ABSTRACT The capsular polysaccharide of Neisseria meningitidis group B (MBPS) is a polymer of alpha (2→8) N-acetyl neuraminic acid. The polysaccharide is chemically identical to an autoantigen, polysialic acid (PSA), and is a poor immunogen, even when conjugated to protein carriers. Immunization of mice with MBPS-protein conjugate vaccines, in which N-acetyl groups have been replaced by propionyl groups (N-Pr MBPS), elicits serum bactericidal antibodies. A subpopulation of these antibodies do not cross-react with human PSA. The reasons for the increased immunogenicity of N-Pr MBPS and the antigenic targets of the bactericidal nonautoreactive antibodies are unknown. In this study, we investigated the antigenic targets of a protective murine monoclonal antibody (MAb) prepared against a N-Pr MBPS-tetanus toxoid conjugate vaccine.
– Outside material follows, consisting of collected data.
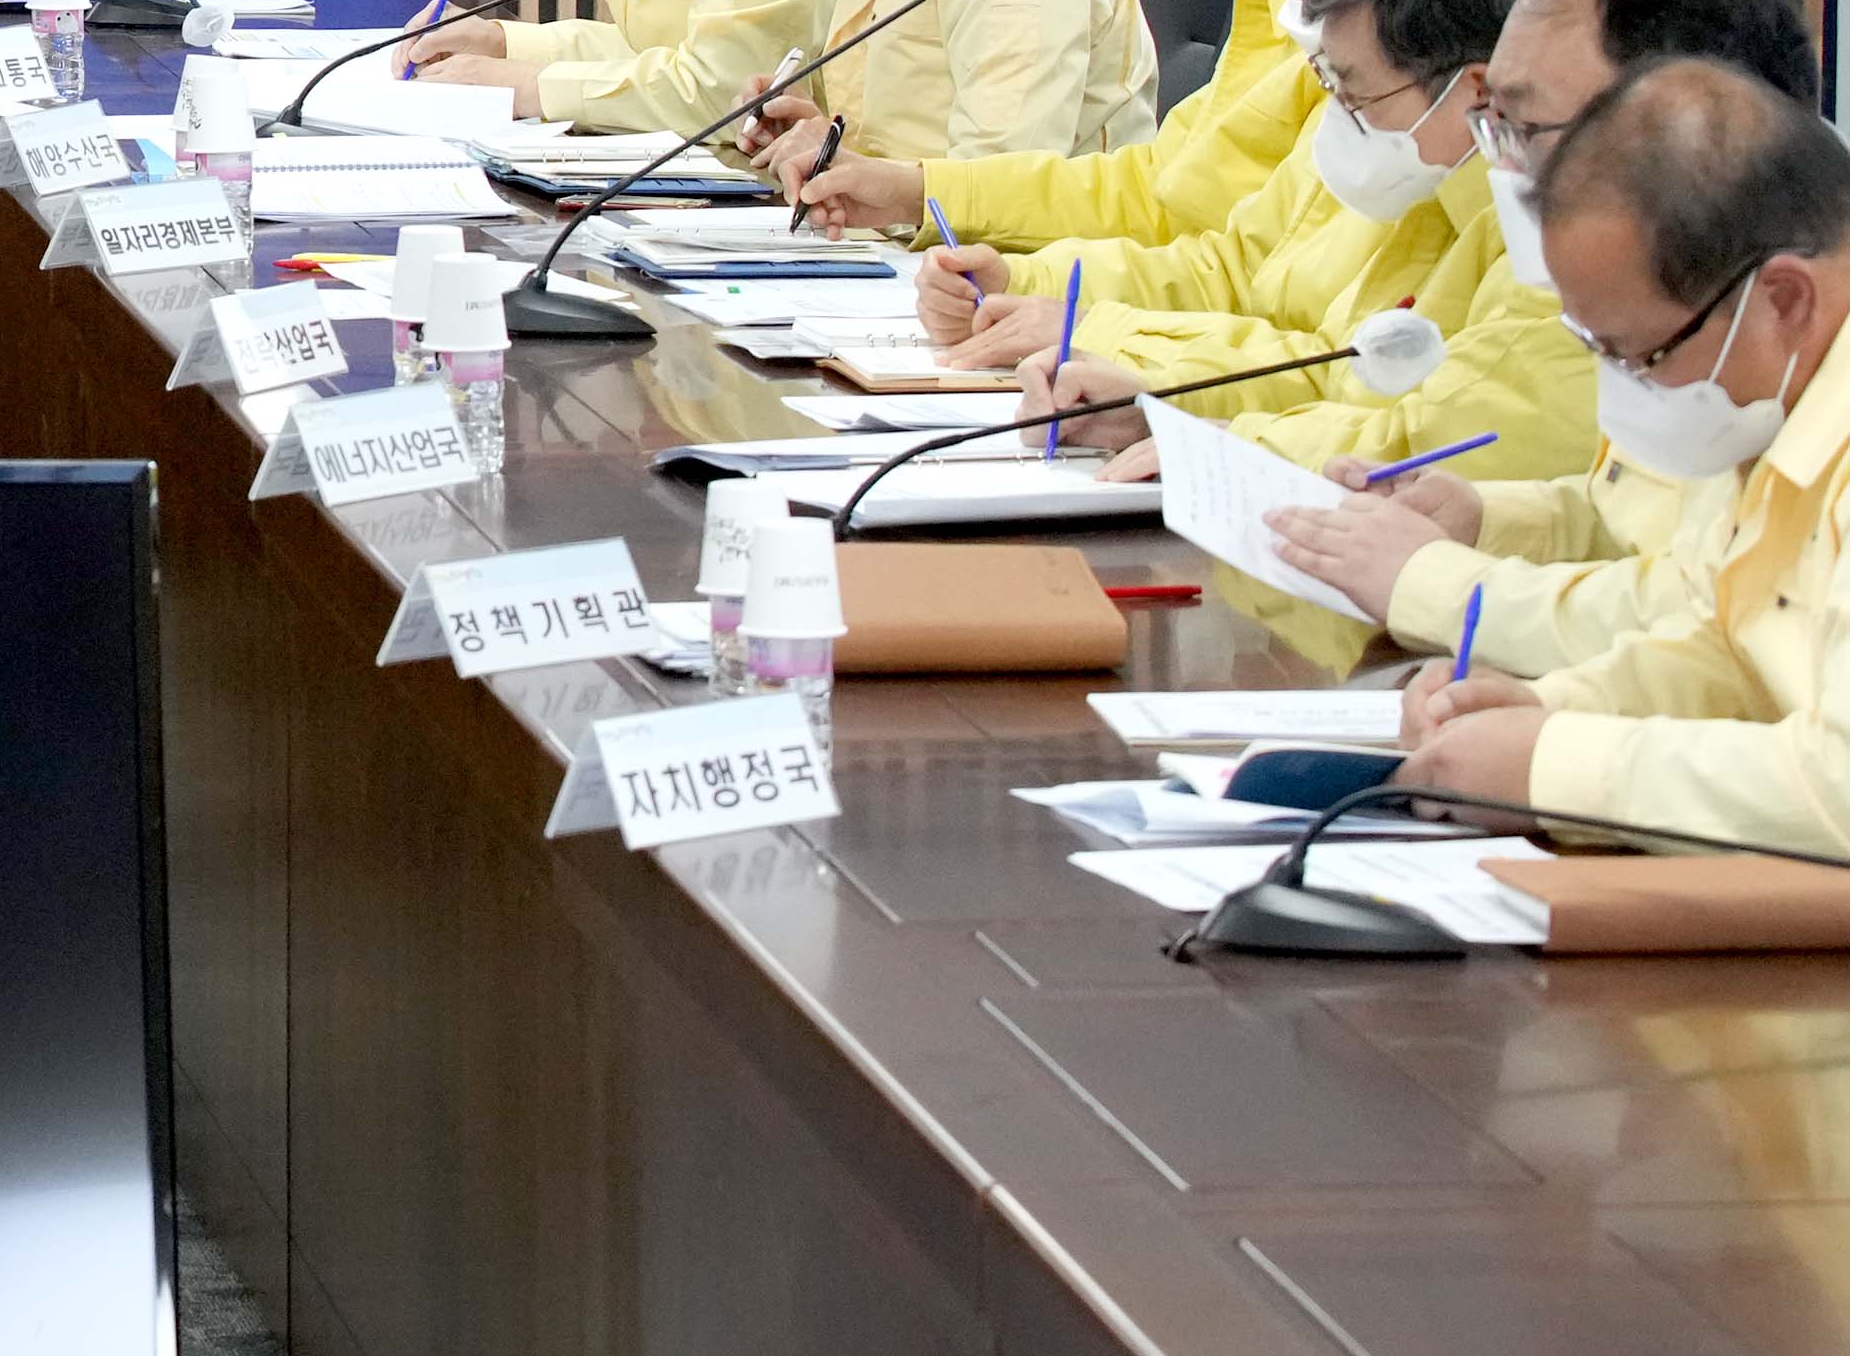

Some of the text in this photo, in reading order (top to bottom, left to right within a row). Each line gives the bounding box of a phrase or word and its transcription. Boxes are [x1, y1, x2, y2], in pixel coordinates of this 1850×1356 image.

[26, 134, 121, 179] 해양수산국
[101, 215, 236, 255] 일자리경제본부
[314, 425, 465, 484] 에너지산업국
[449, 587, 649, 653] 정책기획관
[621, 745, 819, 818] 자치행정국
Binding of the MAb to N-Pr MBPS (as demonstrated by an enzyme-linked immunosorbent assay) and bactericidal activity were inhibited by de-N-acetylated MBPS and re-N-acetylated MBPS, which indicate that N-propionyl groups are not obligatory determinants for binding. The results of affinity selection from a preparation of N-Pr MBPS and matrix-assisted laser desorption ionization-time of flight mass spectroscopic analysis indicated that the minimal epitope recognized by the MAb is a MBPS disaccharide containing one de-N-acetylated residue. Thus, the bacterial capsular epitope recognized by this bactericidal, nonautoreactive, anti-group-B MAb likely contains de-N-acetyl residues.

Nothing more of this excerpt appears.